◆ **What you are asked to do**
Working from the records beneath this line, reproduce each one exactly.

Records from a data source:

┌────────

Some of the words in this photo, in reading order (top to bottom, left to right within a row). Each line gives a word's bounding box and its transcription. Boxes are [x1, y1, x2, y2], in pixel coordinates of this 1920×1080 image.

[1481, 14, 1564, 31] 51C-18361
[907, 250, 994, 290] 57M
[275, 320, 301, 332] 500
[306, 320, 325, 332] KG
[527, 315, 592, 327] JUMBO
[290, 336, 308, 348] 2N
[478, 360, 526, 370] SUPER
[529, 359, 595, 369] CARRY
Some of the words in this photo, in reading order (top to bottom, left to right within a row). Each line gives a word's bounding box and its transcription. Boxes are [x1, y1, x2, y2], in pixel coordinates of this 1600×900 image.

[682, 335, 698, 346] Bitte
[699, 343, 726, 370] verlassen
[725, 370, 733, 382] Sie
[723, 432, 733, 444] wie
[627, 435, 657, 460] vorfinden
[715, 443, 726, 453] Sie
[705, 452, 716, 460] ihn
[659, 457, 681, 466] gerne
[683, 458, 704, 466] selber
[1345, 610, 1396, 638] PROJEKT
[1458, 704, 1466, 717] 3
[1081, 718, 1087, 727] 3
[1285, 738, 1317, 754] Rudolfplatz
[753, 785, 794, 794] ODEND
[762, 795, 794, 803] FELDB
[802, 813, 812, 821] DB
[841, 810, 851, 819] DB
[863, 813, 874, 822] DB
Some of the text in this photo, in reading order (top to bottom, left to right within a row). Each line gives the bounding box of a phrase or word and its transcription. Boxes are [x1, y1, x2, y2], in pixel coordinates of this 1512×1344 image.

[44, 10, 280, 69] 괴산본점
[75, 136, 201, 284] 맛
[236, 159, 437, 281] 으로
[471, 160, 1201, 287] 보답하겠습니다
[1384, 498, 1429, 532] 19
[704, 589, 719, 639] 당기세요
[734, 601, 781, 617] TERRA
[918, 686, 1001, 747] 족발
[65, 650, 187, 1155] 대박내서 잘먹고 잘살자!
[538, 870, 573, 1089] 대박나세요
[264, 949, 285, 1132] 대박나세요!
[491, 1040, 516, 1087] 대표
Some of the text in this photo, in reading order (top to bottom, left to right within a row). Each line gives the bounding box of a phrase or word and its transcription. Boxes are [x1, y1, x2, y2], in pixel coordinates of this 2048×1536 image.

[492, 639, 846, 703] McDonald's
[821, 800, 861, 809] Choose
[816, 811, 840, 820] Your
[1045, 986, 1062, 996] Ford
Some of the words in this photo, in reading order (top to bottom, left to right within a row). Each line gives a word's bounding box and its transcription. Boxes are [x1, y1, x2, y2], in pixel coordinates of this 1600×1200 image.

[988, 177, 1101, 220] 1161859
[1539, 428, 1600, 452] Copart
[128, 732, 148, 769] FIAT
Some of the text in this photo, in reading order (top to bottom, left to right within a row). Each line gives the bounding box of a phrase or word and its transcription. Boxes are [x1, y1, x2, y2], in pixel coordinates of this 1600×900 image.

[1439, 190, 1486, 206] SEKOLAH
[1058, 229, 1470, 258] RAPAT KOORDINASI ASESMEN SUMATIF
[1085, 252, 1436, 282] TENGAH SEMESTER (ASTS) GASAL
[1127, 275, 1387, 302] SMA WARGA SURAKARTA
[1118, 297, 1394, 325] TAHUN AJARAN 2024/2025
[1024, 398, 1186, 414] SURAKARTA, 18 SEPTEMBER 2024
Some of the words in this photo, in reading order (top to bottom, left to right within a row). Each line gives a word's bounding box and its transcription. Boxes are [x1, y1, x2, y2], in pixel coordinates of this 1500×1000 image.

└────────

◆ **The completed task**
Some of the words in this photo, in reading order (top to bottom, left to right within a row). Each line gives a word's bounding box and its transcription. Boxes are [x1, y1, x2, y2], in pixel coordinates of this 1920×1080 image.

[1481, 14, 1564, 31] 51C-18361
[907, 250, 994, 290] 57M
[275, 320, 301, 332] 500
[306, 320, 325, 332] KG
[527, 315, 592, 327] JUMBO
[290, 336, 308, 348] 2N
[478, 360, 526, 370] SUPER
[529, 359, 595, 369] CARRY
Some of the words in this photo, in reading order (top to bottom, left to right within a row). Each line gives a word's bounding box and its transcription. Boxes are [x1, y1, x2, y2], in pixel coordinates of this 1600×900 image.

[682, 335, 698, 346] Bitte
[699, 343, 726, 370] verlassen
[725, 370, 733, 382] Sie
[723, 432, 733, 444] wie
[627, 435, 657, 460] vorfinden
[715, 443, 726, 453] Sie
[705, 452, 716, 460] ihn
[659, 457, 681, 466] gerne
[683, 458, 704, 466] selber
[1345, 610, 1396, 638] PROJEKT
[1458, 704, 1466, 717] 3
[1081, 718, 1087, 727] 3
[1285, 738, 1317, 754] Rudolfplatz
[753, 785, 794, 794] ODEND
[762, 795, 794, 803] FELDB
[802, 813, 812, 821] DB
[841, 810, 851, 819] DB
[863, 813, 874, 822] DB
Some of the text in this photo, in reading order (top to bottom, left to right within a row). Each line gives the bounding box of a phrase or word and its transcription. Boxes are [x1, y1, x2, y2], in pixel coordinates of this 1512×1344 image.

[44, 10, 280, 69] 괴산본점
[75, 136, 201, 284] 맛
[236, 159, 437, 281] 으로
[471, 160, 1201, 287] 보답하겠습니다
[1384, 498, 1429, 532] 19
[704, 589, 719, 639] 당기세요
[734, 601, 781, 617] TERRA
[918, 686, 1001, 747] 족발
[65, 650, 187, 1155] 대박내서 잘먹고 잘살자!
[538, 870, 573, 1089] 대박나세요
[264, 949, 285, 1132] 대박나세요!
[491, 1040, 516, 1087] 대표
Some of the text in this photo, in reading order (top to bottom, left to right within a row). Each line gives the bounding box of a phrase or word and its transcription. Boxes are [x1, y1, x2, y2], in pixel coordinates of this 2048×1536 image.

[492, 639, 846, 703] McDonald's
[821, 800, 861, 809] Choose
[816, 811, 840, 820] Your
[1045, 986, 1062, 996] Ford
Some of the words in this photo, in reading order (top to bottom, left to right within a row). Each line gives a word's bounding box and its transcription. Boxes are [x1, y1, x2, y2], in pixel coordinates of this 1600×1200 image.

[988, 177, 1101, 220] 1161859
[1539, 428, 1600, 452] Copart
[128, 732, 148, 769] FIAT
Some of the text in this photo, in reading order (top to bottom, left to right within a row). Each line gives the bounding box of a phrase or word and its transcription. Boxes are [x1, y1, x2, y2], in pixel coordinates of this 1600×900 image.

[1439, 190, 1486, 206] SEKOLAH
[1058, 229, 1470, 258] RAPAT KOORDINASI ASESMEN SUMATIF
[1085, 252, 1436, 282] TENGAH SEMESTER (ASTS) GASAL
[1127, 275, 1387, 302] SMA WARGA SURAKARTA
[1118, 297, 1394, 325] TAHUN AJARAN 2024/2025
[1024, 398, 1186, 414] SURAKARTA, 18 SEPTEMBER 2024
Some of the words in this photo, in reading order (top to bottom, left to right within a row). Each line gives a word's bounding box and its transcription. Boxes are [x1, y1, x2, y2], in pixel coordinates of this 1500×1000 image.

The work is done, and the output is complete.